**What the task asks**. Everything in the records below except the pictures must be written out exactly.

**Input for this task**.
Segment Open

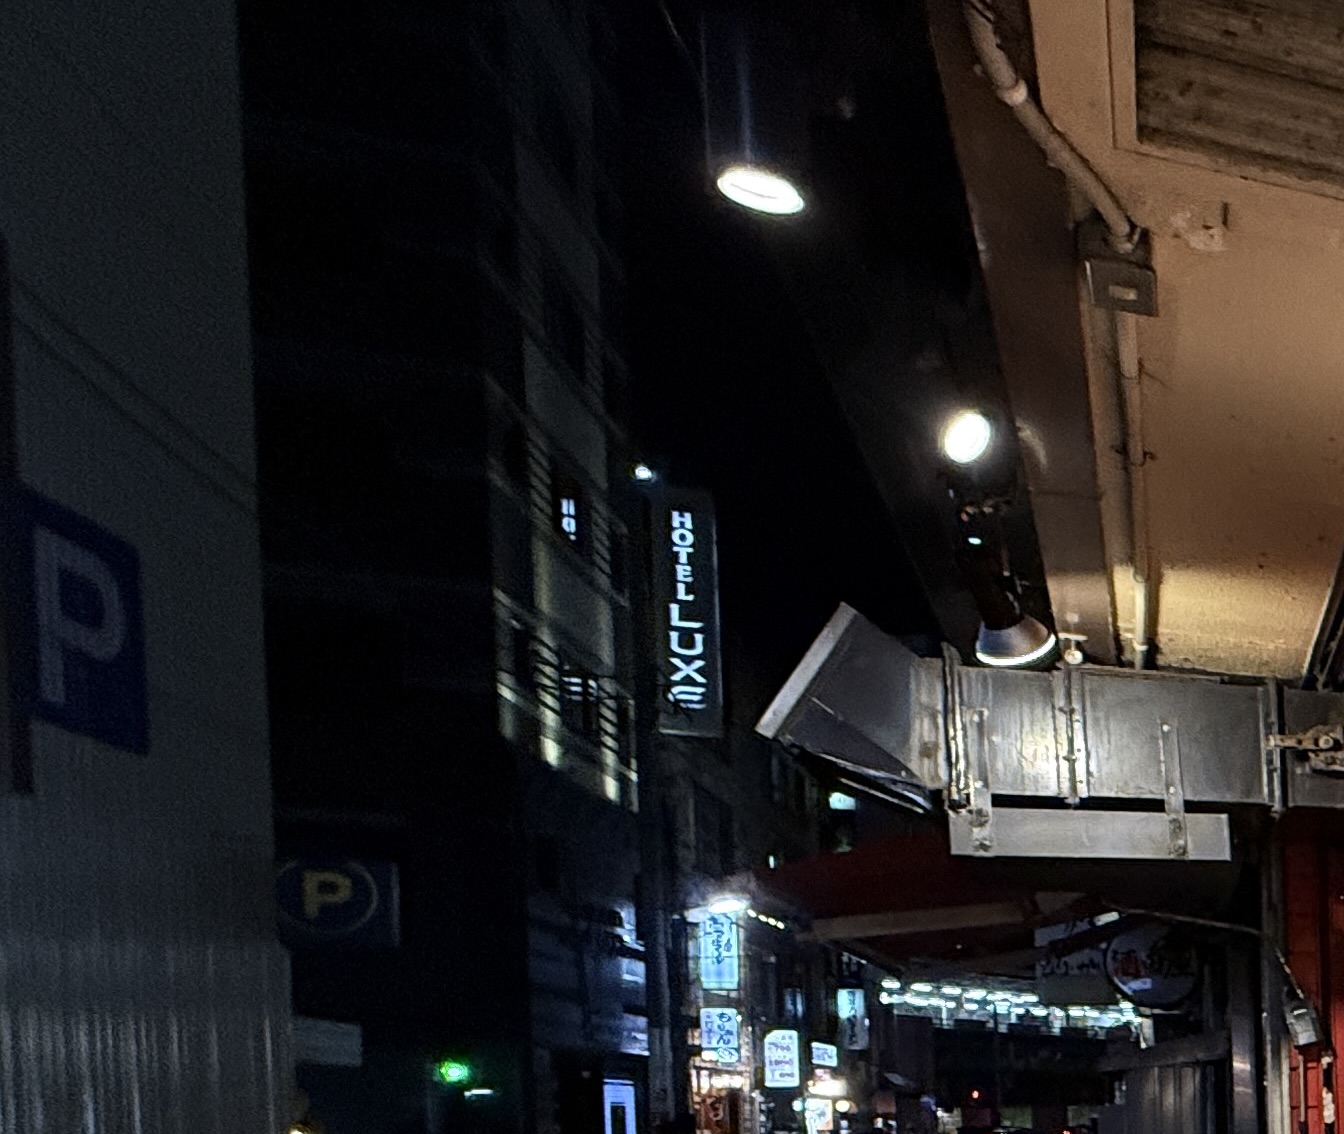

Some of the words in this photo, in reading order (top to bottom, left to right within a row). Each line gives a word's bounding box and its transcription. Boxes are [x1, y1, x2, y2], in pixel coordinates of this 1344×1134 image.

[670, 510, 694, 600] HOTEL
[35, 523, 126, 708] P
[302, 870, 352, 918] P
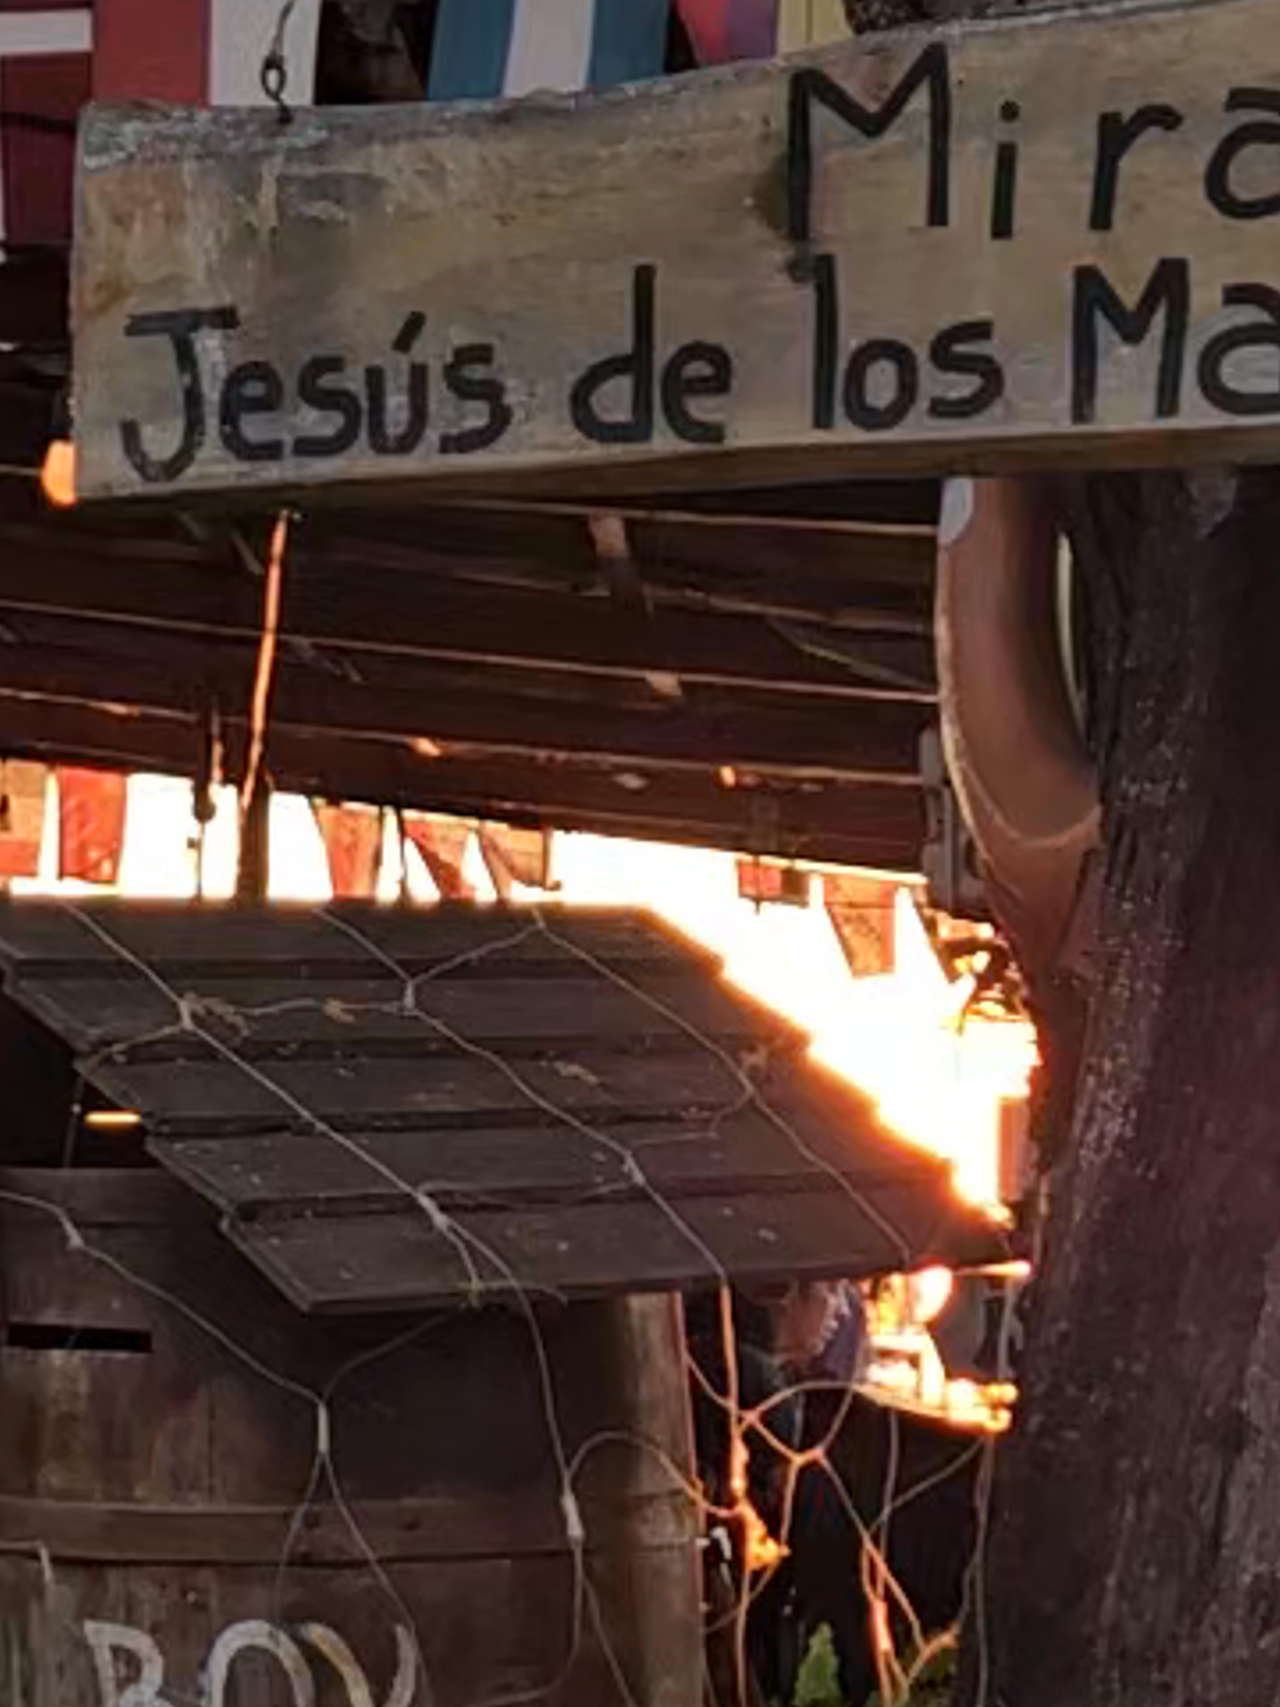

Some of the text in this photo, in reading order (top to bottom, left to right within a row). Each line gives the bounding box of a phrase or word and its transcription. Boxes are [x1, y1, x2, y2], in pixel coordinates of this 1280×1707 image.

[121, 306, 513, 483] Jesús
[569, 263, 733, 445] de
[812, 254, 1005, 431] los
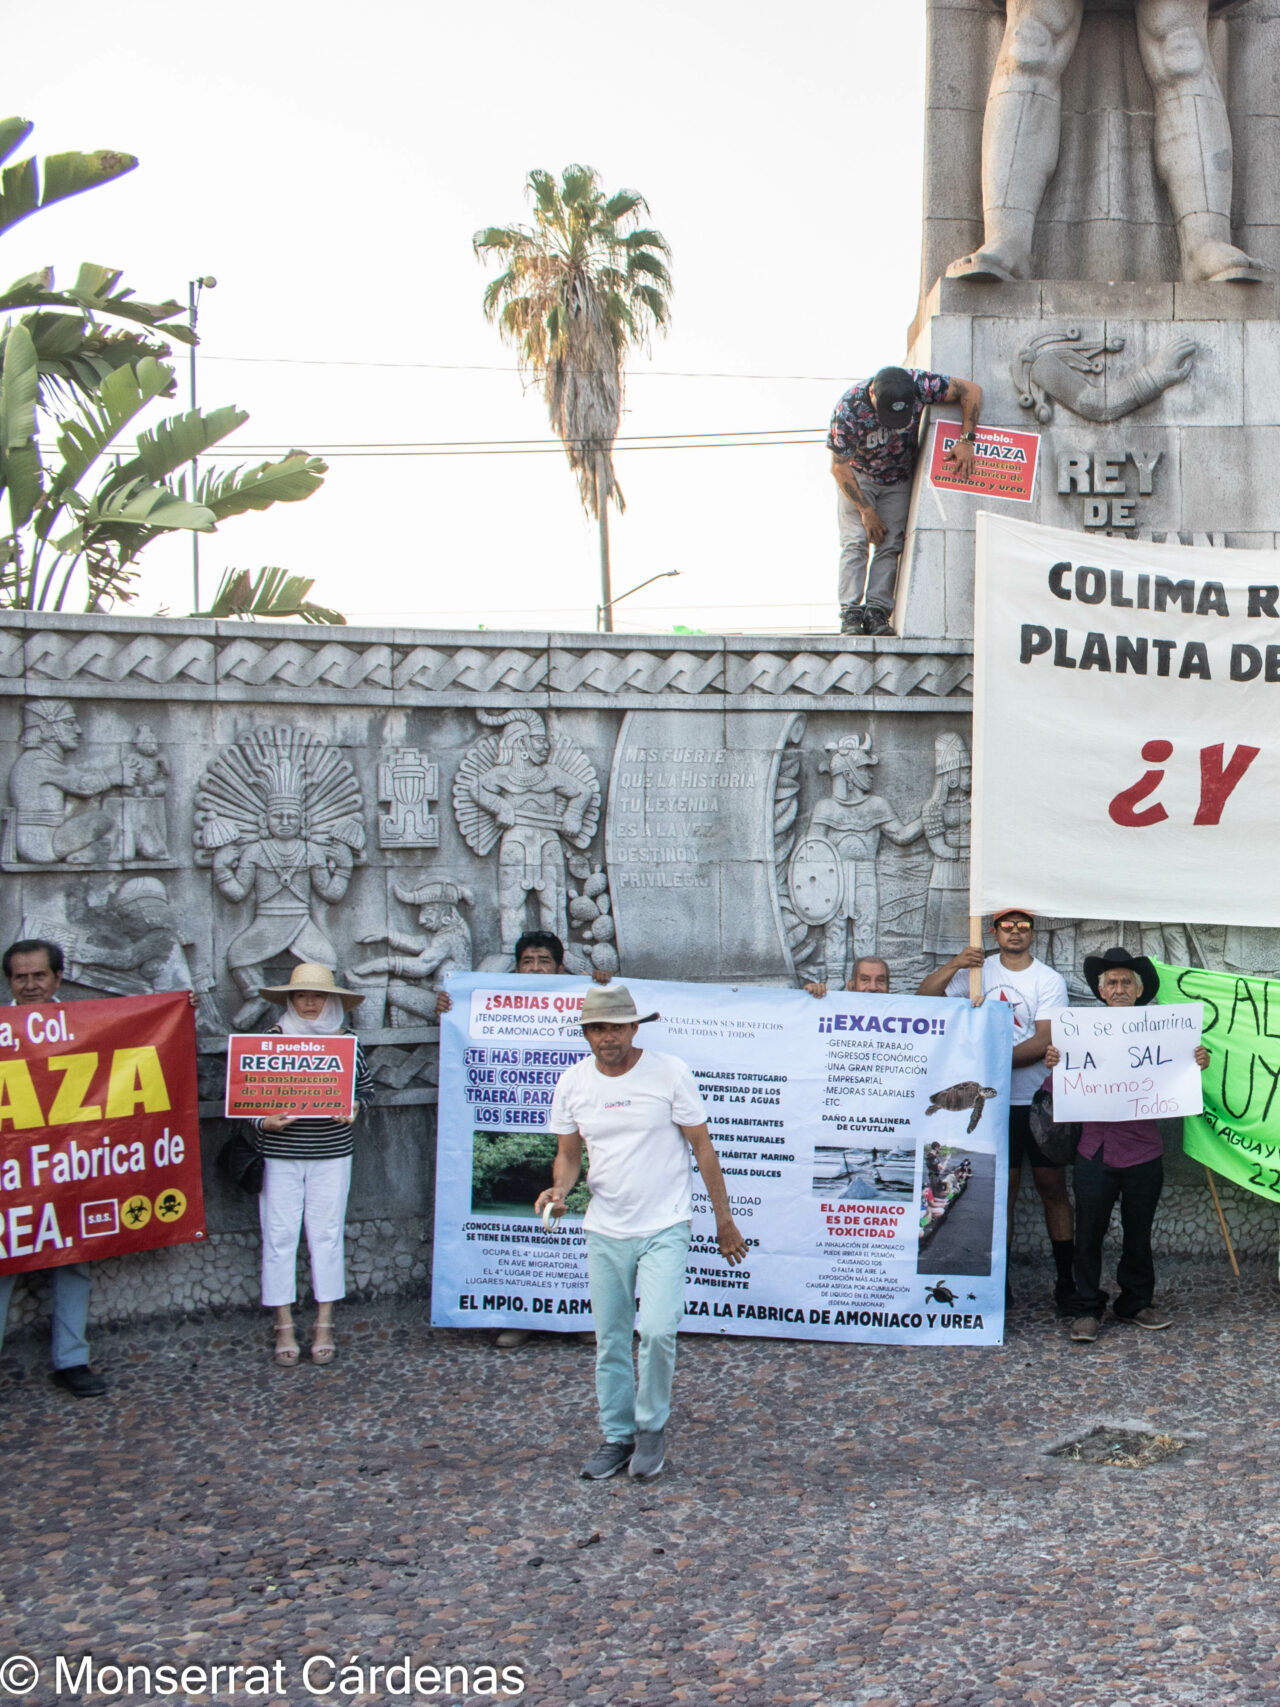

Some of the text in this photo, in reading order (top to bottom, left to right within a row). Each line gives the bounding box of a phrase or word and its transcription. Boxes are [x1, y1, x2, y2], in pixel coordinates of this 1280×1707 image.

[943, 437, 1027, 463] RHAZA
[1058, 451, 1164, 496] REY
[1084, 499, 1136, 529] DE
[1048, 561, 1230, 618] COLIMA
[1019, 623, 1212, 680] PLANTA
[1108, 739, 1261, 828] ¿Y
[485, 994, 585, 1013] ¿SABIAS QUE
[538, 1015, 558, 1024] UNA
[818, 1014, 946, 1035] ¡¡EXACTO!!
[1093, 1022, 1112, 1036] se
[1121, 1010, 1197, 1034] contamina
[27, 1010, 75, 1044] Col.
[482, 1026, 556, 1037] DE AMONIACO
[261, 1041, 326, 1053] El pueblo:
[876, 1041, 914, 1051] TRABAJO
[240, 1054, 344, 1072] RECHAZA
[491, 1050, 519, 1064] HAS
[524, 1051, 593, 1066] PREGUNT
[1065, 1045, 1173, 1070] LA SAL
[848, 1063, 928, 1075] GRAN REPUTACIÓN
[244, 1073, 338, 1084] la construcción
[468, 1069, 495, 1085] QUE
[737, 1072, 788, 1083] TORTUGARIO
[828, 1074, 883, 1084] EMPRESARIAL
[1063, 1071, 1154, 1096] Morimos
[240, 1086, 257, 1096] de
[276, 1086, 321, 1097] fábrica
[324, 1087, 341, 1097] de
[466, 1086, 517, 1103] TRAERÁ
[698, 1084, 781, 1096] DIVERSIDAD DE LOS
[867, 1088, 915, 1098] SALARIALES
[233, 1100, 346, 1110] amoniaco y urea.
[713, 1094, 725, 1102] DE
[729, 1095, 746, 1103] LAS
[750, 1096, 781, 1105] AGUAS
[1127, 1093, 1180, 1118] Todos
[476, 1108, 546, 1124] LOS SERES
[714, 1116, 785, 1128] LOS HABITANTES
[821, 1114, 847, 1123] DAÑO
[868, 1116, 911, 1125] SALINERA
[836, 1123, 895, 1133] DE CUYUTLÁN
[736, 1134, 786, 1145] NATURALES
[30, 1128, 186, 1187] Fabrica de
[721, 1149, 758, 1161] HÁBITAT
[761, 1153, 795, 1162] MARINO
[750, 1169, 782, 1178] DULCES
[820, 1203, 905, 1216] EL AMONIACO
[826, 1216, 898, 1227] ES DE GRAN
[502, 1224, 511, 1232] LA
[512, 1224, 533, 1234] GRAN
[827, 1227, 896, 1239] TOXICIDAD
[466, 1233, 476, 1241] SE
[477, 1233, 499, 1242] TIENE
[500, 1234, 511, 1242] EN
[512, 1235, 531, 1244] ESTA
[560, 1237, 571, 1246] DE
[482, 1248, 510, 1257] OCUPA
[533, 1250, 560, 1260] LUGAR
[562, 1252, 581, 1260] DEL
[498, 1258, 527, 1267] EN AVE
[483, 1268, 544, 1278] EL LUGAR DE
[700, 1268, 751, 1280] NUESTRO
[465, 1277, 552, 1288] LUGARES NATURALES
[694, 1277, 750, 1290] AMBIENTE
[459, 1294, 479, 1310] EL
[482, 1295, 529, 1313] MPIO.
[532, 1297, 554, 1314] DE
[713, 1302, 732, 1318] LA
[737, 1303, 806, 1324] FABRICA
[809, 1309, 831, 1325] DE
[833, 1310, 921, 1329] AMONIACO
[926, 1313, 937, 1329] Y
[940, 1314, 984, 1330] UREA

Segment Closed

**Answer below**.
Some of the words in this photo, in reading order (top to bottom, left to right within a row). Each line gives a word's bounding box and its transcription. Boxes are [x1, y1, x2, y2], in pixel coordinates of this 1344×1134 image.

[670, 510, 694, 600] HOTEL
[35, 523, 126, 708] P
[302, 870, 352, 918] P

Some of the text in this photo, in reading order (top to bottom, left to right within a row). Each line gives the bounding box of a phrase or word and its transcription. Boxes are [x1, y1, x2, y2], in pixel coordinates of this 1280×1707 image.

[121, 306, 513, 483] Jesús
[569, 263, 733, 445] de
[812, 254, 1005, 431] los

Some of the text in this photo, in reading order (top to bottom, left to right within a row). Each line gives the bounding box of a phrase or word and its transcription. Boxes are [x1, y1, x2, y2], in pixel coordinates of this 1280×1707 image.

[943, 437, 1027, 463] RHAZA
[1058, 451, 1164, 496] REY
[1084, 499, 1136, 529] DE
[1048, 561, 1230, 618] COLIMA
[1019, 623, 1212, 680] PLANTA
[1108, 739, 1261, 828] ¿Y
[485, 994, 585, 1013] ¿SABIAS QUE
[538, 1015, 558, 1024] UNA
[818, 1014, 946, 1035] ¡¡EXACTO!!
[1093, 1022, 1112, 1036] se
[1121, 1010, 1197, 1034] contamina
[27, 1010, 75, 1044] Col.
[482, 1026, 556, 1037] DE AMONIACO
[261, 1041, 326, 1053] El pueblo:
[876, 1041, 914, 1051] TRABAJO
[240, 1054, 344, 1072] RECHAZA
[491, 1050, 519, 1064] HAS
[524, 1051, 593, 1066] PREGUNT
[1065, 1045, 1173, 1070] LA SAL
[848, 1063, 928, 1075] GRAN REPUTACIÓN
[244, 1073, 338, 1084] la construcción
[468, 1069, 495, 1085] QUE
[737, 1072, 788, 1083] TORTUGARIO
[828, 1074, 883, 1084] EMPRESARIAL
[1063, 1071, 1154, 1096] Morimos
[240, 1086, 257, 1096] de
[276, 1086, 321, 1097] fábrica
[324, 1087, 341, 1097] de
[466, 1086, 517, 1103] TRAERÁ
[698, 1084, 781, 1096] DIVERSIDAD DE LOS
[867, 1088, 915, 1098] SALARIALES
[233, 1100, 346, 1110] amoniaco y urea.
[713, 1094, 725, 1102] DE
[729, 1095, 746, 1103] LAS
[750, 1096, 781, 1105] AGUAS
[1127, 1093, 1180, 1118] Todos
[476, 1108, 546, 1124] LOS SERES
[714, 1116, 785, 1128] LOS HABITANTES
[821, 1114, 847, 1123] DAÑO
[868, 1116, 911, 1125] SALINERA
[836, 1123, 895, 1133] DE CUYUTLÁN
[736, 1134, 786, 1145] NATURALES
[30, 1128, 186, 1187] Fabrica de
[721, 1149, 758, 1161] HÁBITAT
[761, 1153, 795, 1162] MARINO
[750, 1169, 782, 1178] DULCES
[820, 1203, 905, 1216] EL AMONIACO
[826, 1216, 898, 1227] ES DE GRAN
[502, 1224, 511, 1232] LA
[512, 1224, 533, 1234] GRAN
[827, 1227, 896, 1239] TOXICIDAD
[466, 1233, 476, 1241] SE
[477, 1233, 499, 1242] TIENE
[500, 1234, 511, 1242] EN
[512, 1235, 531, 1244] ESTA
[560, 1237, 571, 1246] DE
[482, 1248, 510, 1257] OCUPA
[533, 1250, 560, 1260] LUGAR
[562, 1252, 581, 1260] DEL
[498, 1258, 527, 1267] EN AVE
[483, 1268, 544, 1278] EL LUGAR DE
[700, 1268, 751, 1280] NUESTRO
[465, 1277, 552, 1288] LUGARES NATURALES
[694, 1277, 750, 1290] AMBIENTE
[459, 1294, 479, 1310] EL
[482, 1295, 529, 1313] MPIO.
[532, 1297, 554, 1314] DE
[713, 1302, 732, 1318] LA
[737, 1303, 806, 1324] FABRICA
[809, 1309, 831, 1325] DE
[833, 1310, 921, 1329] AMONIACO
[926, 1313, 937, 1329] Y
[940, 1314, 984, 1330] UREA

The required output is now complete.